House to vote on $ 1.9 trillion Covid-19 bill; What Showbiz Can Expect – Deadline

UPDATE: The House of Representatives passed the $ 1.9 trillion US Rescue Plan early on Saturday, a Covid-19 relief and recovery bill that would be Joe Biden’s first legislative achievement if he reached his office.

The huge expenditure bill is now sent to the Senate.

The bill was narrowly passed in the House, 219-212. Two Democrats, Kurt Schrader of Oregon and Jared Golden of Maine, joined with all Republicans in voting against.

PREVIOUSLY: The House of Representatives is expected to pass the US bailout tonight, a first step towards granting Joe Biden his first major legislative achievement.

The $ 1.9 trillion bill is likely to attract few Republican votes, but Democrats have touted its popularity with the general public, especially those seeking additional relief for Covid-19.

DGA, SAG-AFTRA, IATSE leaders urge Congress to adopt $ 1.9 trillion US bailout

This includes much of the entertainment workforce, who throughout the pandemic had to depend on Washington to cope with the unique nature of employment in the industry: both independent contractors and freelancers, and they don’t fall under regular benefits like unemployment.
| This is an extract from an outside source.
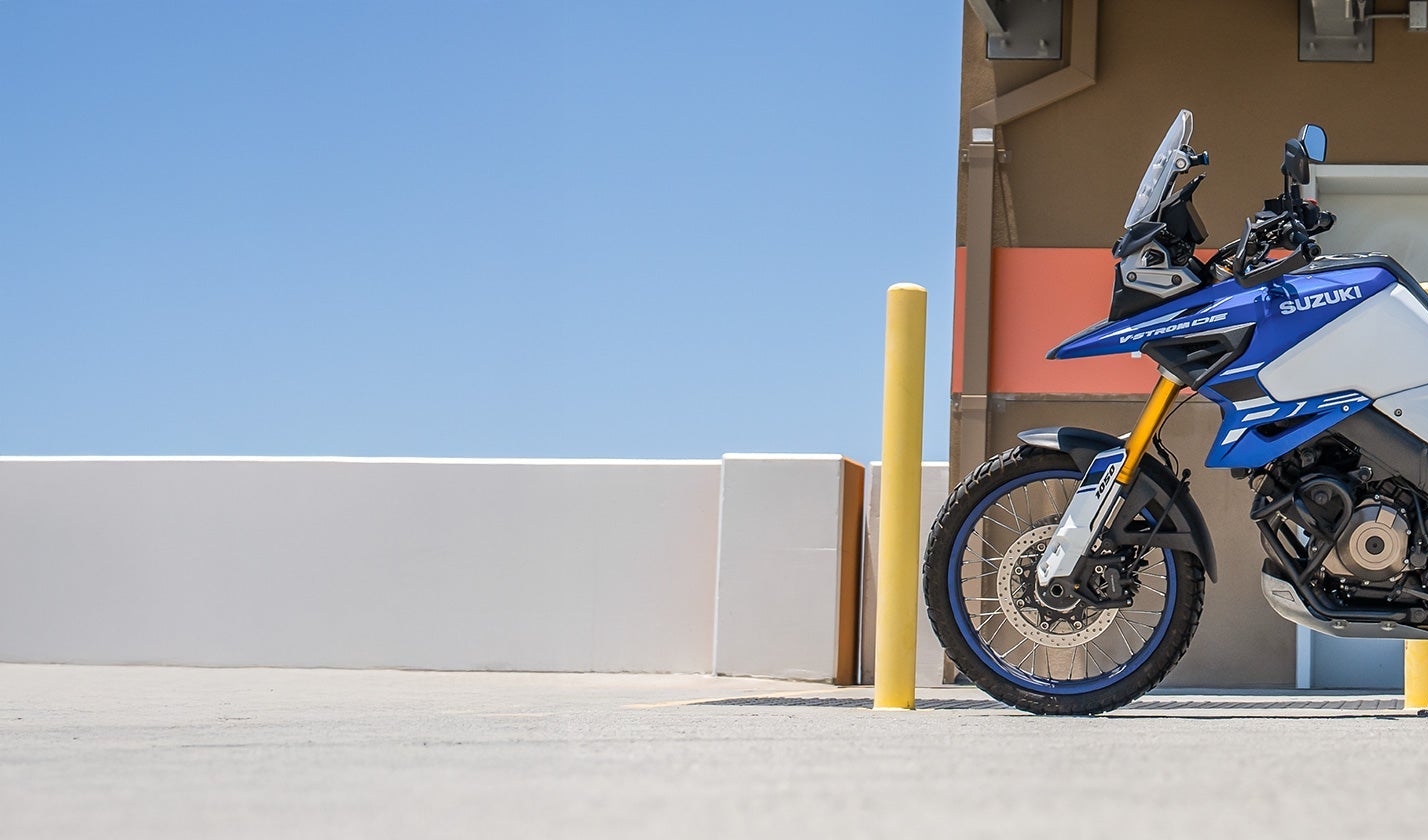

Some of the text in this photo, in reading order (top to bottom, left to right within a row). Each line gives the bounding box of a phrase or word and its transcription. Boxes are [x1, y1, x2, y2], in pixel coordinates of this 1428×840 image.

The legislation spends huge amounts of money on vaccine testing and distribution, but, like other Covid-19 relief bills, also focuses on the workers and businesses that have been hit hardest.

This is what the House bill contains:

Unemployment benefits. Increases the weekly benefit from $ 300 to an additional $ 400; extends benefits until August 29; Self-employed workers, freelancers and independent contractors would continue to be eligible.

Housing assistance. About $ 30 billion would be provided in housing assistance and $ 10 billion in mortgage relief.

Paid leave and employee retention. Companies would be entitled to tax credits if they offer paid time off to their employees. The law would also extend a tax credit for employee retention.

Direct payments. Financial aid would be increased by $ 1,400, in addition to the $ 600 that Congress voted in December.

States and local governments. The bill includes $ 350 billion to help states and local governments close budget deficits. One concern among studios has been that lawmakers looking to cut budgets will target film and TV production incentives.

Minimum wage. The House bill includes a provision to raise the federal minimum wage to $ 15 an hour, the first boost since 2009, when it was set at $ 7.25. But the provision is unlikely to survive when the bill goes to the Senate. The parliamentarian ruled on Thursday that a minimum wage increase could not be included in the bill, as Democrats seek to pass the legislation by simple majority, in a process known as reconciliation. Otherwise, it would take 60 votes to overcome a threat of obstruction.

Arts. The National Endowment for the Arts and the National Endowment for the Humanities would each receive $ 135 million in emergency aid for direct grants, and to state and regional organizations seeking to recover from a lack of funding.

Small and medium enterprises. The Covid-19 bill that passed in December singled out concert halls and cinemas for $ 15 billion in relief; this bill would target $ 25 billion in restaurants and bars that have seen huge sales declines. The latest bill also expanded the eligibility of newspapers and television stations for the key small and medium-sized business loan program, the Paycheck Protection Program; this legislation extends this eligibility to PPP loans for digital media companies.

Earlier this week, the Biden administration also announced a separate effort that could boost relief for self-employed workers in entertainment and other industries. It is changing the way it calculates the amount that sole proprietors, independent contractors and workers can receive in P3 loans. The formula was a multiple of net profits, according to CNBC. From now on, the calculation will be done via gross income. This is a significant difference, given that many self-employed people break even or report a loss on their taxes after calculating their expenses. The Small Business Administration has also established an exclusive two-week period, until March 10, for the smallest business (less than 20 employees) to apply for PPP loans.